The Semmelweis Reflex : When Ideas Control Governments

April 16, 2021

Iñigo Camilleri De Castanedo

The Semmelweis Reflex is the rejection of assessments which contradict pre-existing beliefs. The bias, applied to political and military decisions, can be referred to as ideological stubbornness.



Semmelweis Reflex & Cognitive Biases


The popularity of how psychology affects politics, conflicts and ‘geopolitics’ rises as information plays a bigger role within society. Cognitive biases, the ‘pitfalls’ and natural behaviour of our brain, play a big role in our polarised society as well as in the past. Nevertheless, biases are commonly mislabelled, using the known ‘confirmation bias’ as a catch-all phrase. The Semmelweis reflex is the tendency to refuse any assessment change due to contradicting pre-existing norms.



Whole Brain Image. Source: NIH / Wikimedia Commons (link)


Difference with Confirmation Bias


The Semmelweis Reflex can also be referred as ideological stubbornness. While the cognitive pitfall is common, it is often misrepresented with confirmation bias, the tendency to look for information which confirms pre-existing ideas.

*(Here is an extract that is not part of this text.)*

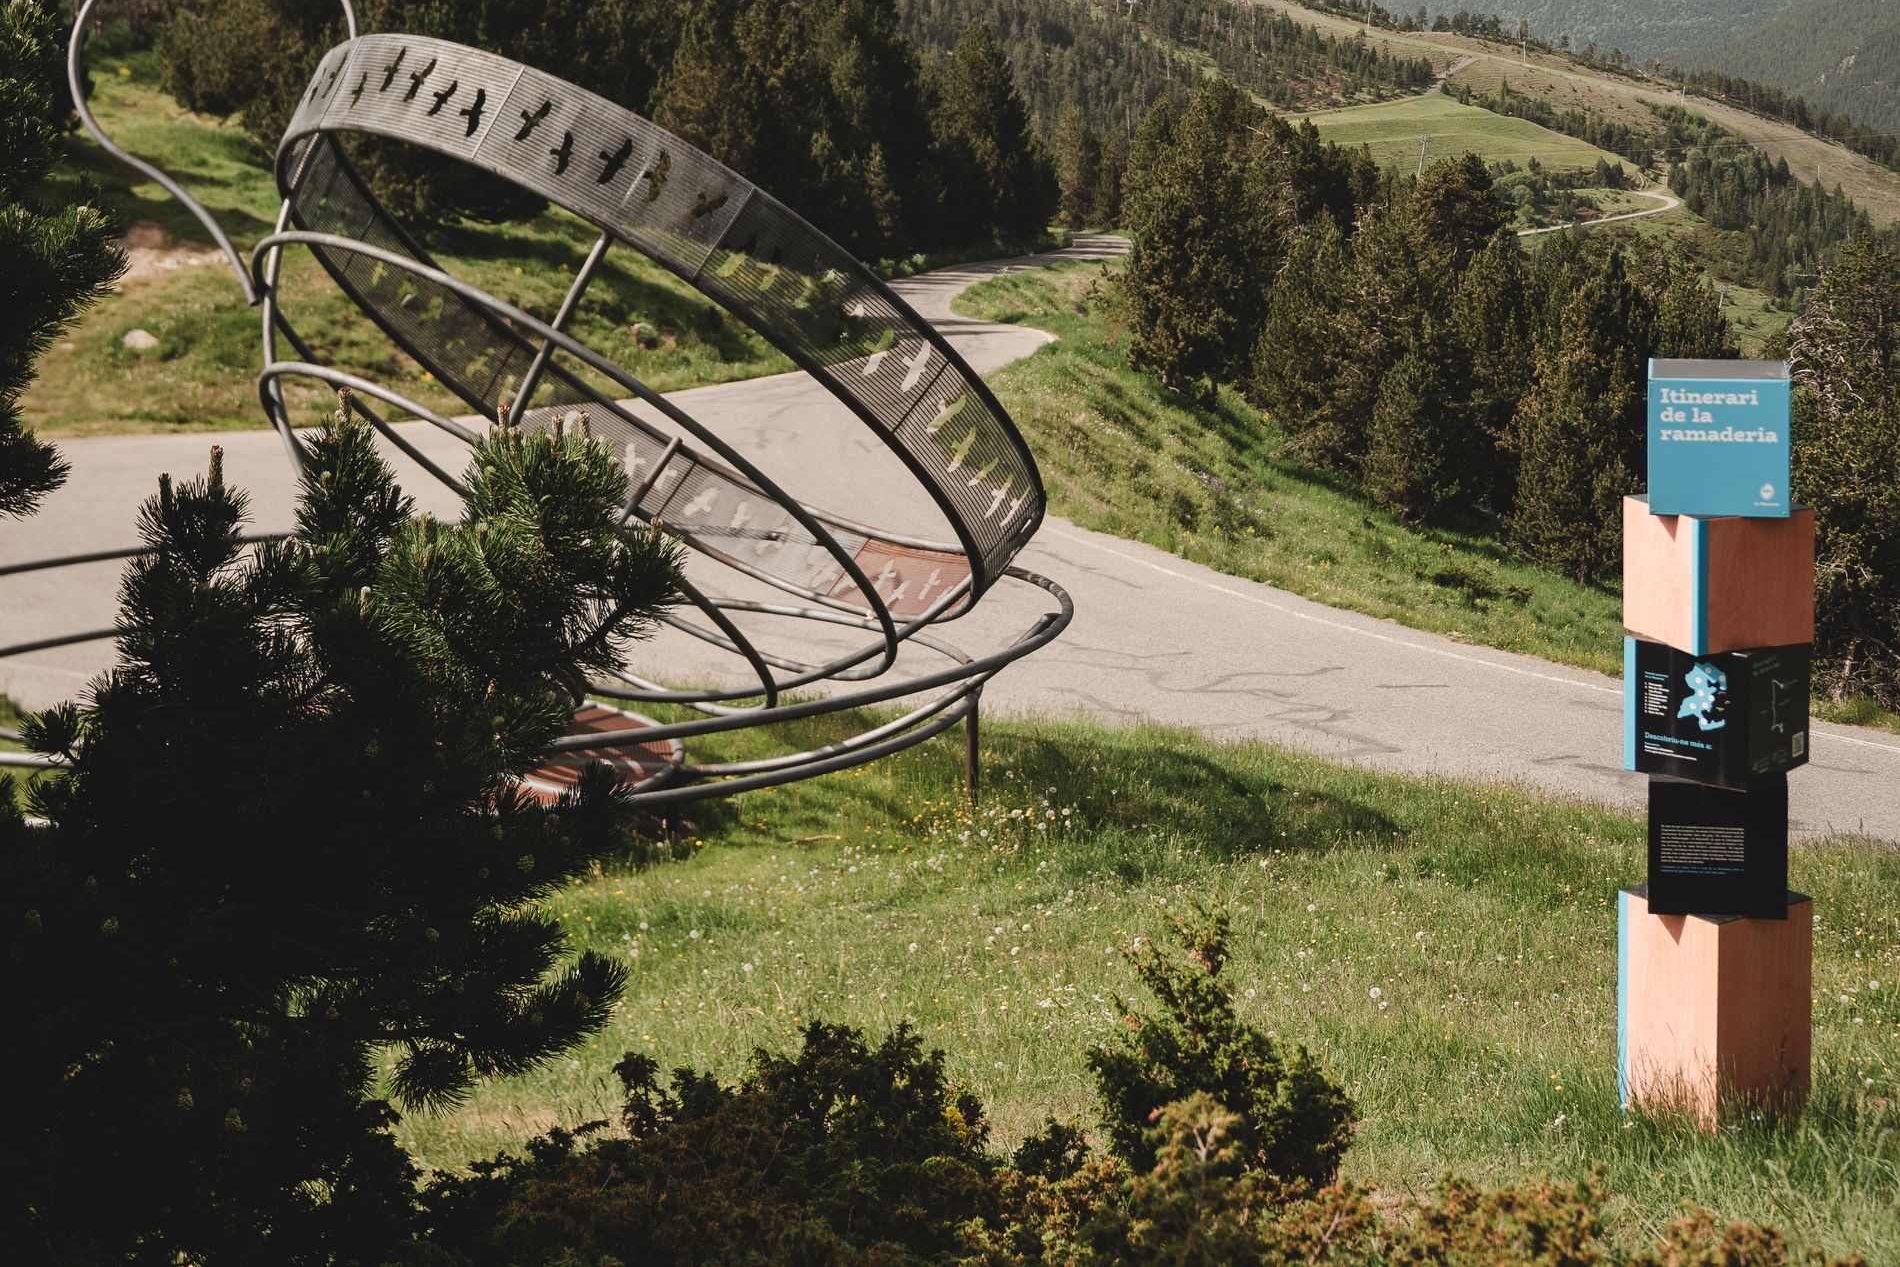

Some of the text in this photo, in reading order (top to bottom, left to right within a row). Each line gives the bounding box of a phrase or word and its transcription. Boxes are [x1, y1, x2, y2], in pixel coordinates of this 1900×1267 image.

[1660, 388, 1759, 405] Itinerari
[1660, 407, 1713, 423] de la
[1660, 426, 1778, 443] ramaderia
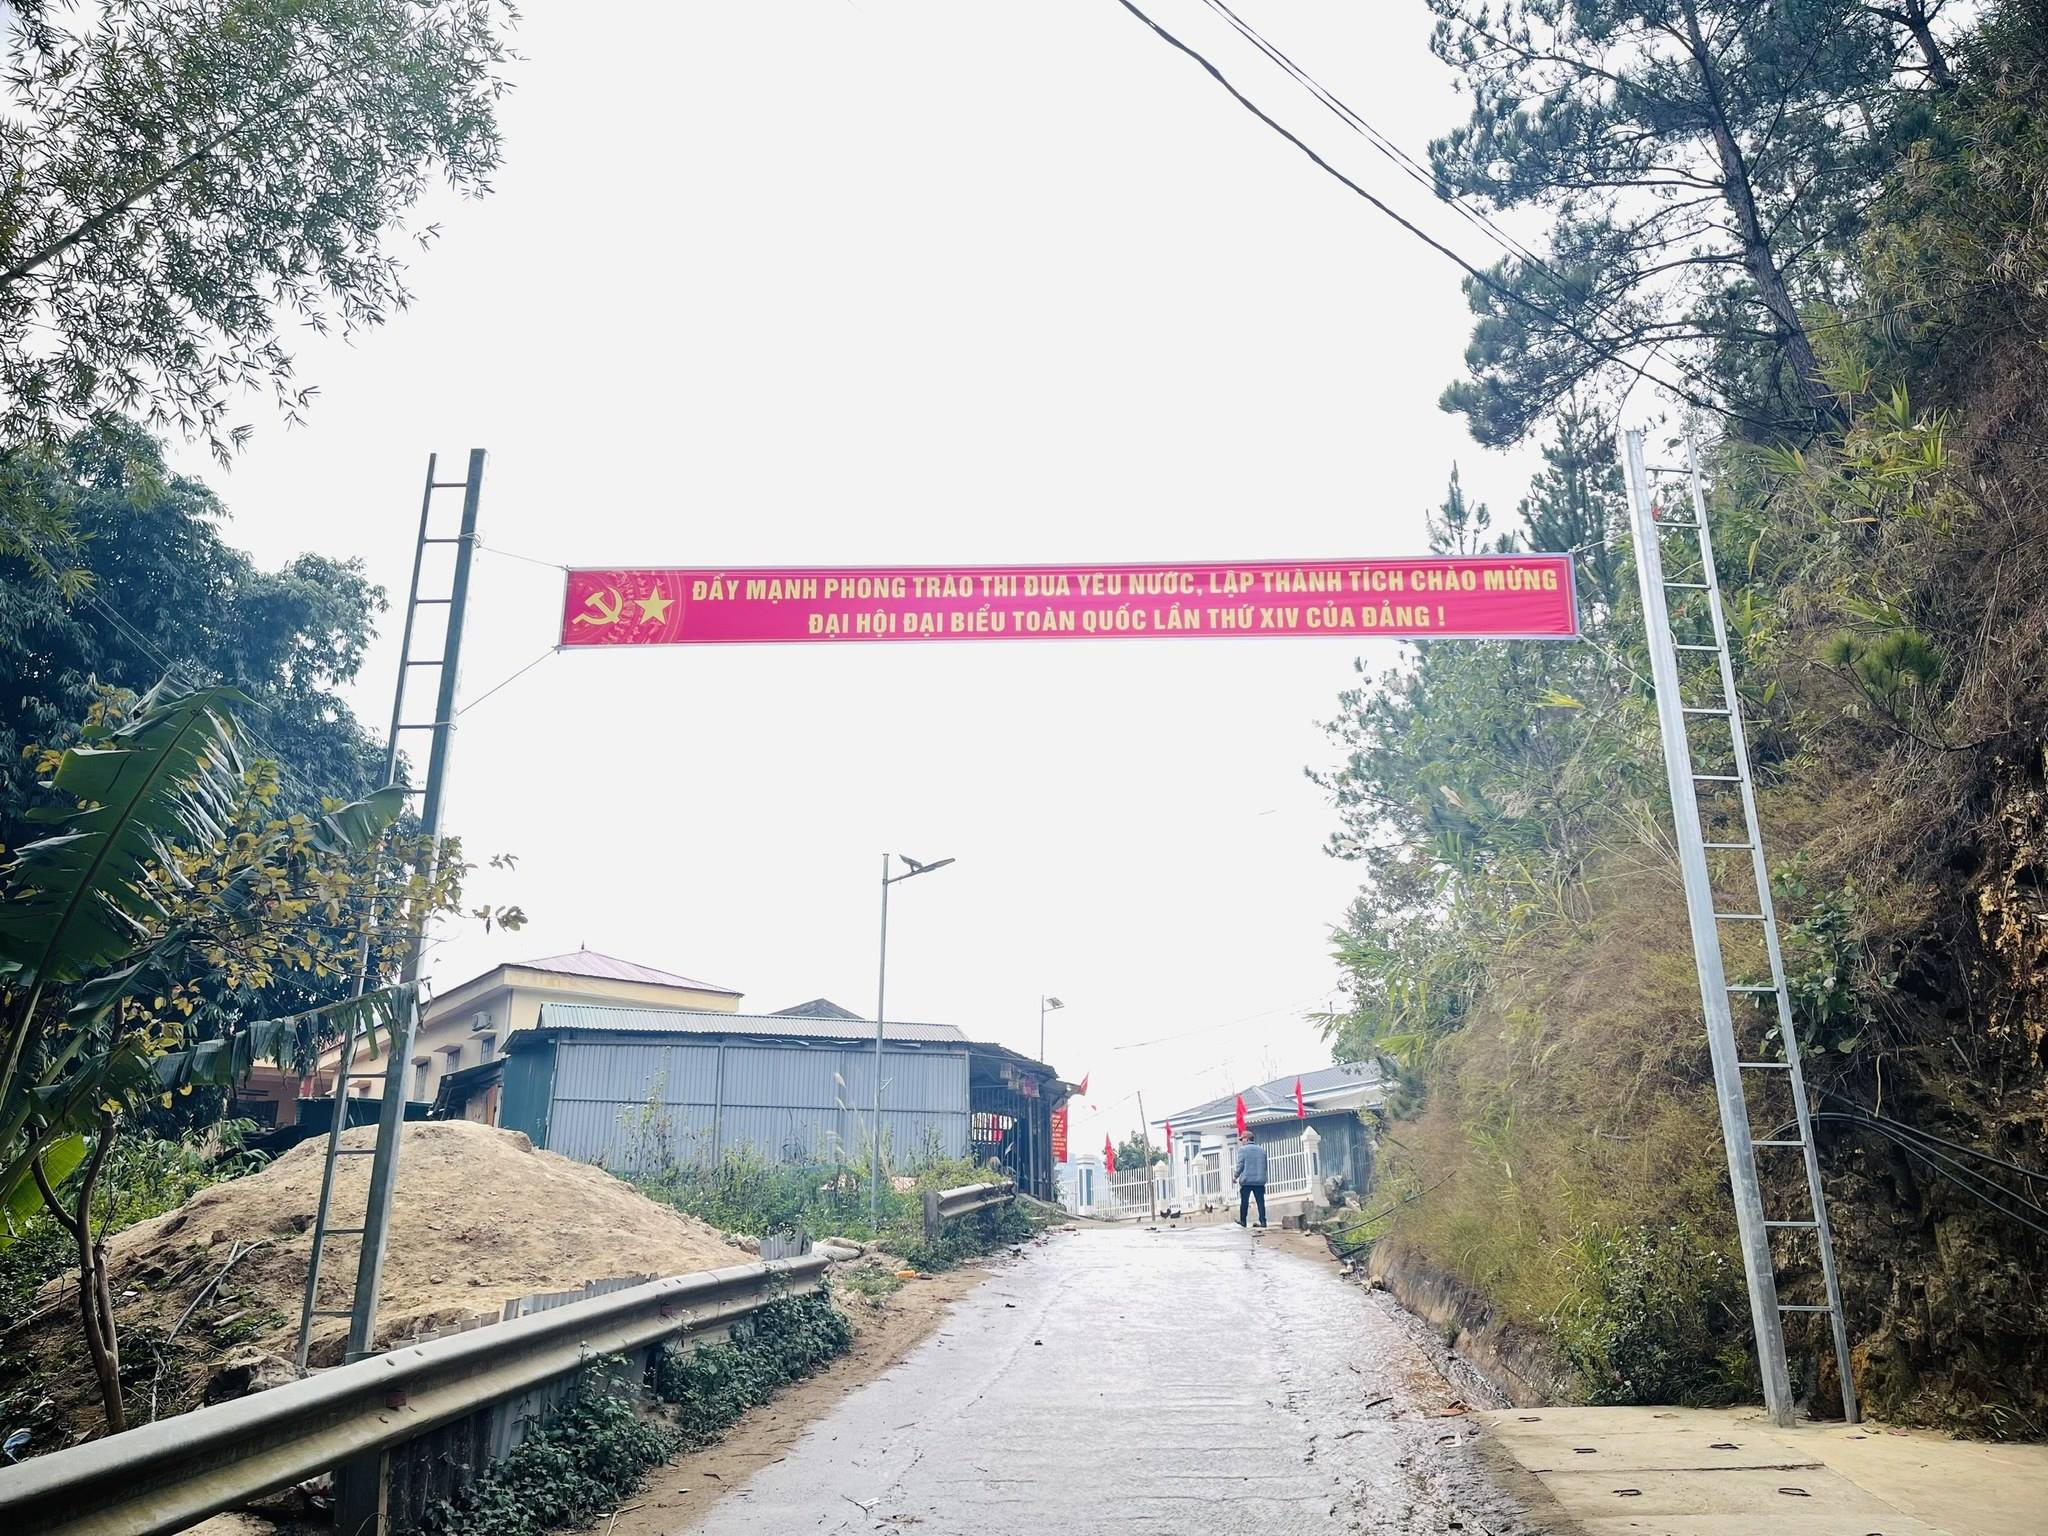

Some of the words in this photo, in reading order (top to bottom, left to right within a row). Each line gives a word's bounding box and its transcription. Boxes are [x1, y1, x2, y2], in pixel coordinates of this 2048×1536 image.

Being similar in nature and description, the Semmelweis reflex triggers pre-existing beliefs and norms into reinforcing current assessments.


Confirmation bias on the other hand prioritises the search of information which supports pre-conceived ideas. The Semmelweis Reflex can be understood as the long-term effect of confirmation bias. Searching for pre-conceived conclusions creates norms and beliefs. In turn, these norms affect the conclusions reached in the future.



Effect on Potential Scenarios


Identifying faults in one’s own judgement is a complex task, particularly in large organisations like states, governments or intelligence agencies. Ideological stubbornness, in turn, has the capability to avoid correct policy decisions and failing to identify vulnerabilities in assessments.


An event like the Able Archer nuclear scare in 1983 is an example of the Semmelweis reflex affecting part of a collective behaviour. It is almost certain that the bias did not drive the entirety of the event, considering the heightened global tension in the beginning of the 1980’s. Instead, it is highly likely that it was a part driver.



Relationship Between the Semmelweis Reflex and Context


Able Archer 1983


In 1983, NATO carried out exercises labelling them ‘Able Archer’. The simulation lasted 10 days and was carried out with the objective of practicing NATO nuclear release procedures. All NATO members participated with a total of 60,000 personnel active between the 2nd and 11th of November.


Soviet surveillance was almost certainly expected, considering the fear of KGB-head Yuri Andropov of a pre-emptive nuclear strike by the Reagan administration. As a consequence, ideological stubbornness partly drove NATO and the USSR to a nuclear conflict-scare in 1983.





While extremely similar in nature to previous exercises, Able Archer differed in its characteristics, enough for the USSR to notice indicators which were not activated before. The degree of readiness was elevated steadily rather than maximised instantly, to practice effective communication in implementing nuclear warfare.


High level officials participated like the US Secretary of Defence, and nuclear release procedures were carried out at an elevated level, simulating an attack against the Warsaw Pact. New information, different from previous exercises, flowed towards USSR analysts and policy-makers that noticed an increase in aggressiveness and change in nature.


Soviet Long Term Interceptor TU-128. Source: Peer Gynt / Wikimedia Commons (link)


Semmelweis Effect


It is likely that the pre-existing belief of a simulated exercise to launch an attack, like in the Yom Kippur War, triggered soviet assessments of NATO attack preparations. As a consequence, KGB and GRU analysts fell prey to the Semmelweis reflex. The change in conditions within Able Archer pushed the pre-existing belief of true attack intentions. Analysed objectively without pre-existing norms, the likelihood of a voluntary nuclear attack mobilisation and preparation is low considering the consequences.


The nature of the Semmelweis effect in intelligence assessments means that the older an institution like NATO is, the stronger the pre-existing beliefs will be revolving it. Whether it is through an analyst suppressing a conclusion, or its top-down pressure from officials, analysts will likely hesitate to contradict pre-existing beliefs which likely define the organisation.


A pre-existing belief of attack intentions does not allow analysts to ‘ignore’ or reduce the importance of significant changes in alleged military exercises. Ideological stubbornness has the capability to create potential highly-dangerous scenarios without tackling the cognitive pitfall.



Is there treatment?


The innate nature of cognitive biases, including the Semmelweis reflex, implies that controlling the bias and reducing its impact is highly difficult. Humans inherently reject uncertainty and find patterns to adhere incoming stimuli of information. An intelligence analyst should employ enough time and resources to reduce the risk of falling to uncertainties.


On the other hand, the short-time frame in events like Able Archer and the pressure associated reduces the capability to attempt to objectively collect, analyse and assess information. In conclusion, ideological stubbornness has a long-term capability of creating conflicts unless analysts actively focus in not falling prey to the cognitive pitfall.